Phrase grounding data =
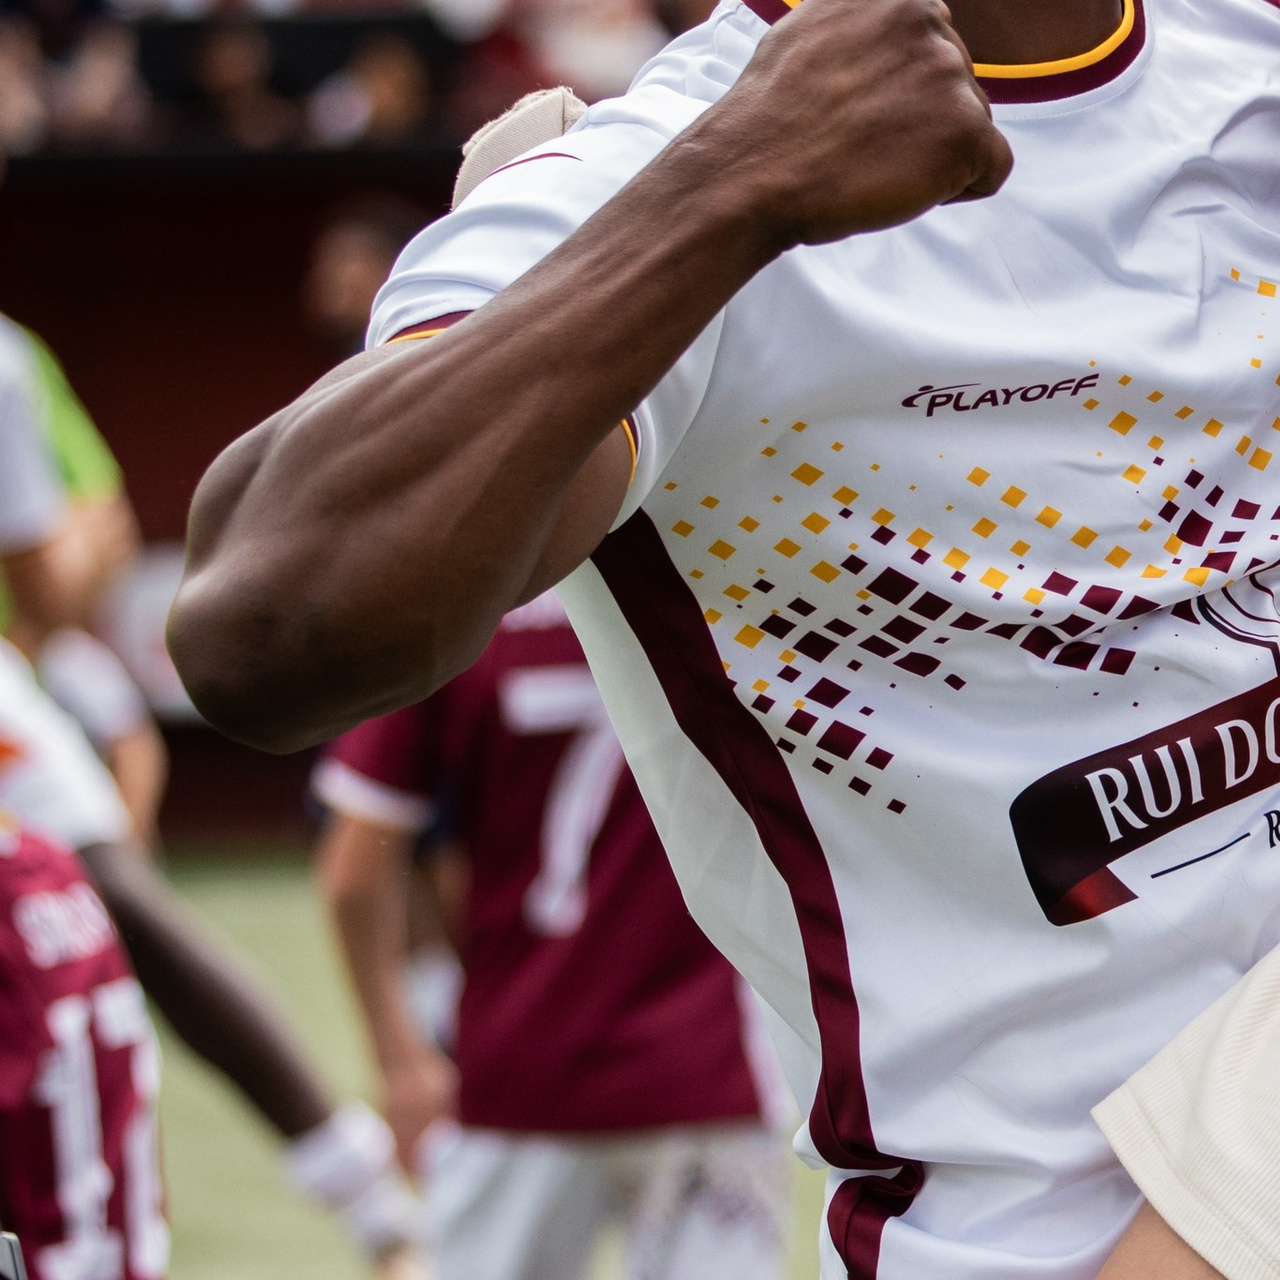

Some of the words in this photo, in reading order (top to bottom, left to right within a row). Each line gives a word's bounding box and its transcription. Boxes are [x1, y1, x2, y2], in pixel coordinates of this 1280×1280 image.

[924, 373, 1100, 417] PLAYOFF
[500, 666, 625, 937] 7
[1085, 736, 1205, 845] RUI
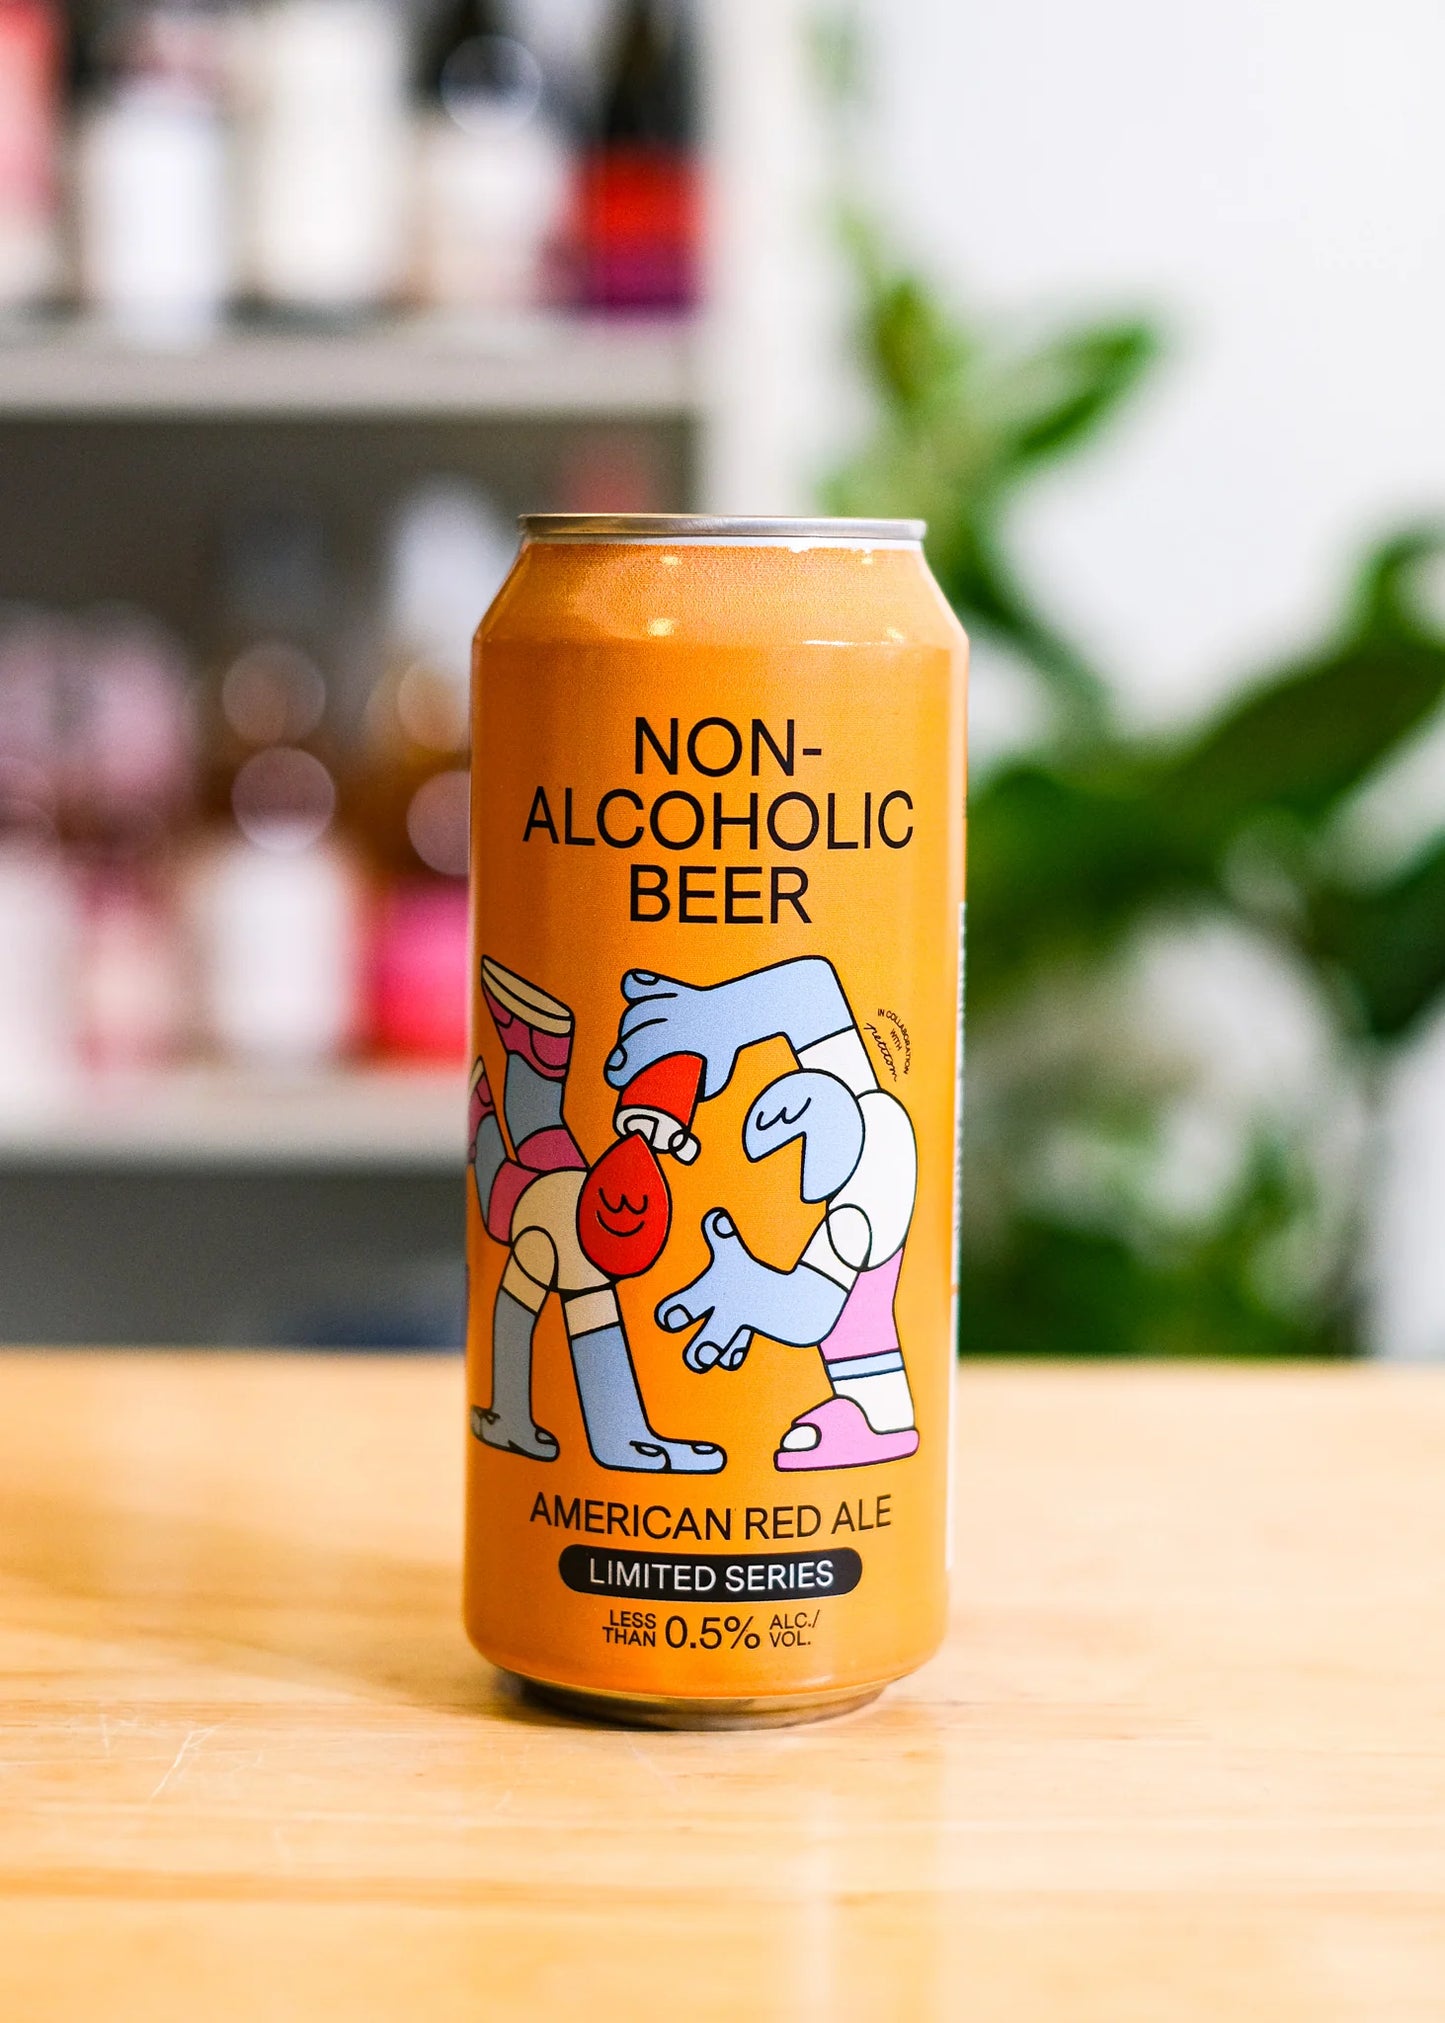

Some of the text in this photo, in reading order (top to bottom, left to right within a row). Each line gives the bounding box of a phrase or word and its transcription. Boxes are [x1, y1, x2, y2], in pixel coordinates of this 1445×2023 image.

What you need to do = With the pictures stripped out, return each record word for word.

Solved problem =
Some of the words in this photo, in reading order (top to bottom, left to right within a row). Each line gives a word's bounding box and its transcription. Boxes are [x1, y1, x2, y2], in pixel coordinates of this 1280×1280 image.

[924, 373, 1100, 417] PLAYOFF
[500, 666, 625, 937] 7
[1085, 736, 1205, 845] RUI

Some of the text in this photo, in reading order (top to bottom, left to right within a row). Each line gives the bounding box of a phrase or word and its transcription. Boxes are [x1, y1, x2, y2], in pixel coordinates of this 1445×2023 image.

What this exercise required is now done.